The present article analyzes the representation of surveillance in The Color Purple (2010) and Midday Adventures (2017) with an aesthetic approach. Regarding the idea of Panopticon surveillance, the selected movies for case study are two notable films in post-revolutionary Iranian cinema. Michel Foucault, the French thinker and historian of the 20th century, in his book, Discipline and Punish: the Birth of the Prison, based on the idea of the Panopticon prison, analyzes the concept of Panopticon surveillance. The Panopticon, a fundamentally new type of prison, was designed in the 18th century by Jeremy Bentham, an English utilitarian philosopher. This modern prison exposes the cells of prisoners to a supervisor who is hidden in the darkness of central tower.
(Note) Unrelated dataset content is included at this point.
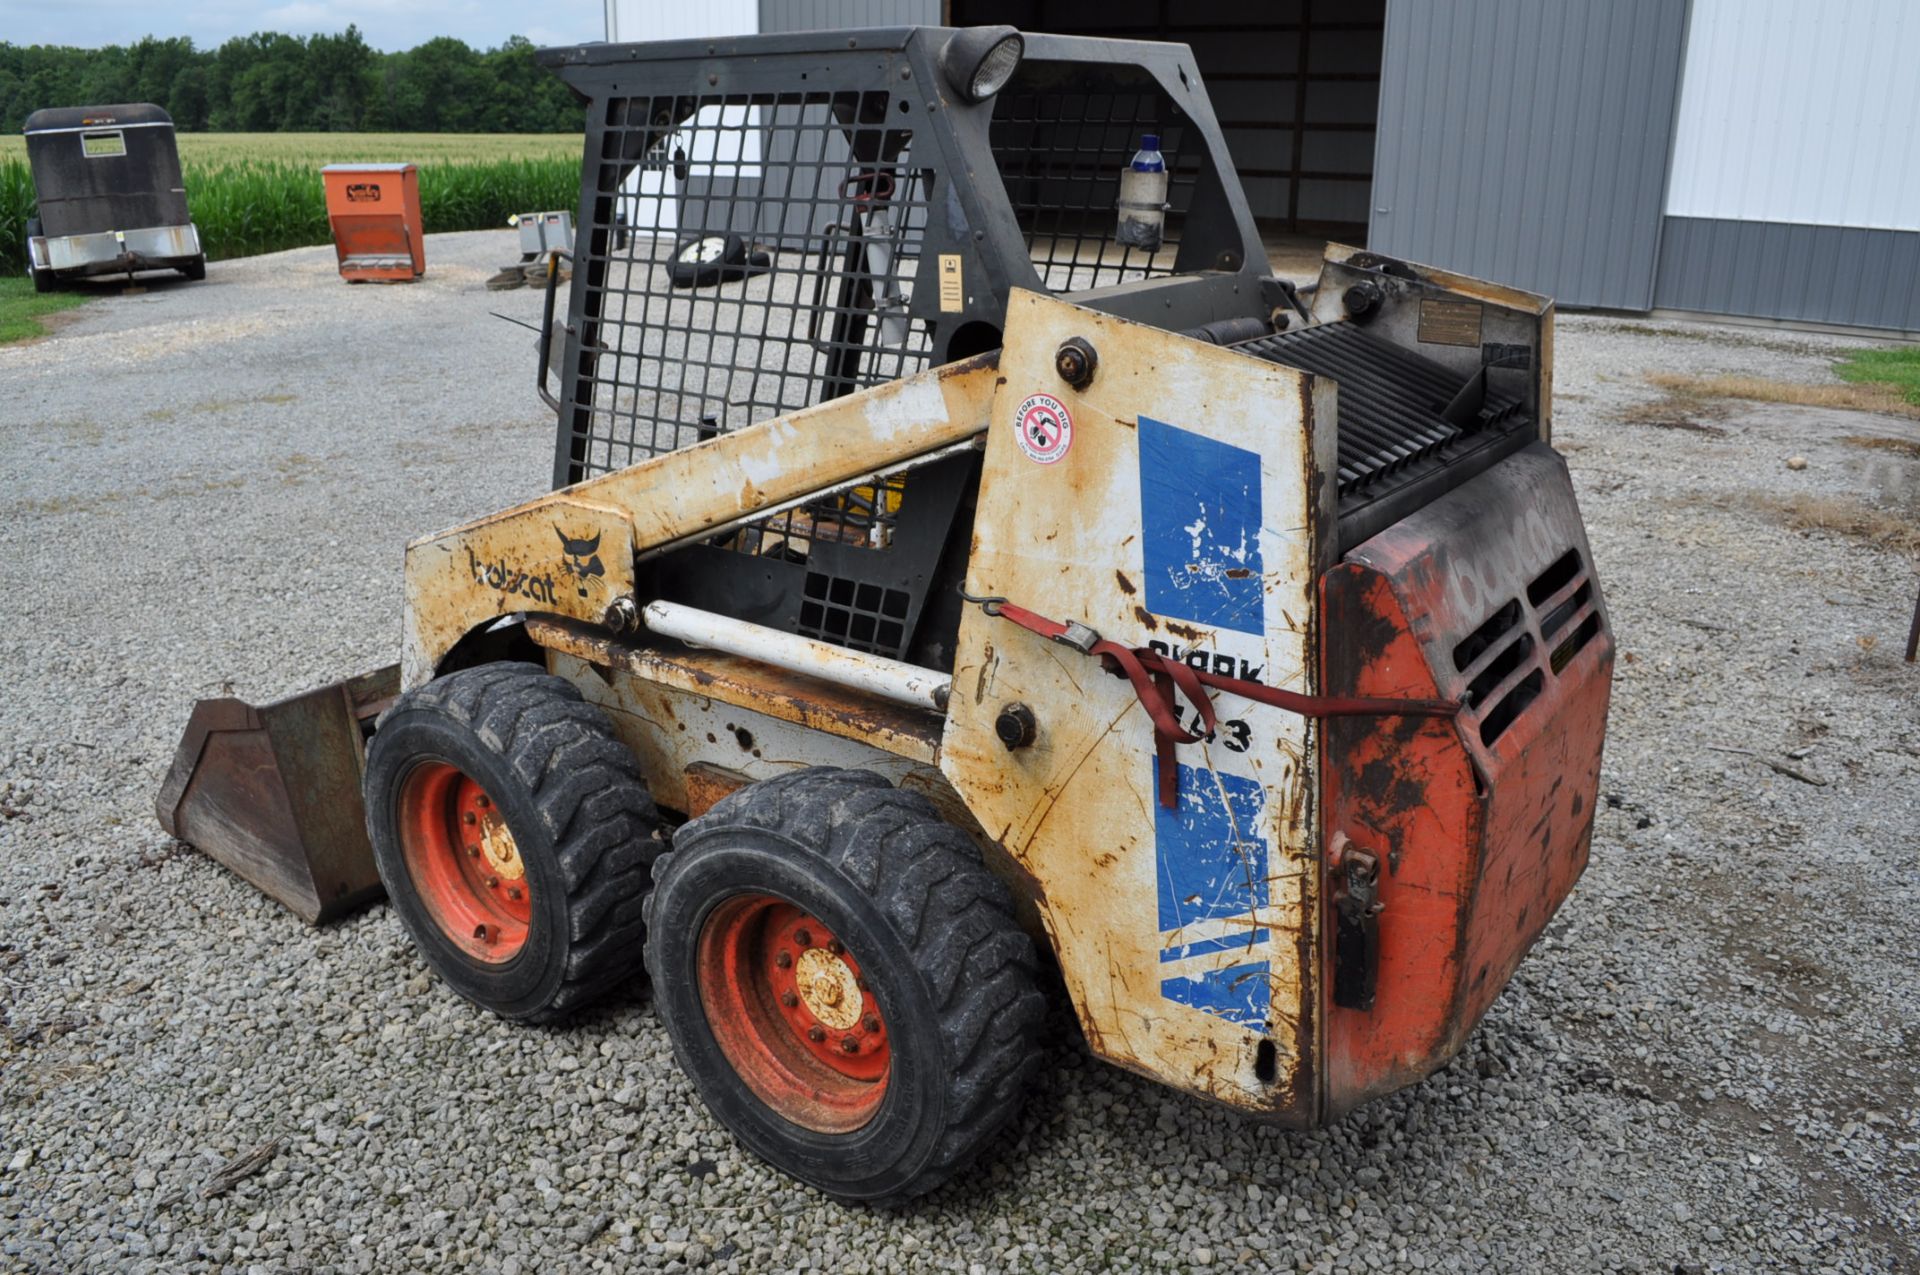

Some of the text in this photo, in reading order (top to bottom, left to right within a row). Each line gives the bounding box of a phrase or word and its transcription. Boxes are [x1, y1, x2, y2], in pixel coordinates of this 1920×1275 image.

[1016, 397, 1069, 429] BEFORE YOU DIG
[464, 544, 558, 606] bobcat
Foucault describes the surveillance mechanisms in the Panopticon as the surveillance mechanisms of modern political powers in order to maintaing social order in society. In recent years, the discourse of surveillance influenced by the thoughts of Michel Foucault has formed a discussion about surveillance cinema in film studies. By reviewing the works of early cinema, the theoreticians of this field have confirmed the inherent links and affinities between surveillance and medium of cinema and have paid attention to thematic and structural ways of using it in films. Also they have tried to study the ways of using this concept in movies by emphasizing the affinity between the surveillance and the cinematic form. In this approach, they have paid attention to the moving from a thematic concern away to structural engagement of surveillance in the aesthetic foundation of films. In Iranian cinema, one can find significant examples that have used the idea of Panopticon surveillance in an intelligent way. The present research first tries to examine the concept of Panopticon surveillance in Michel Foucault's thought and in the next step to study the analytical approaches of film scholars in explaining the concept of surveillance cinema. At the end, by focusing on the selected films, the structural application of surveillance in these two works is examined. The findings of this research reveal that these two works have used structural elements in different ways to reflect the idea of surveillance in their aesthetic forms.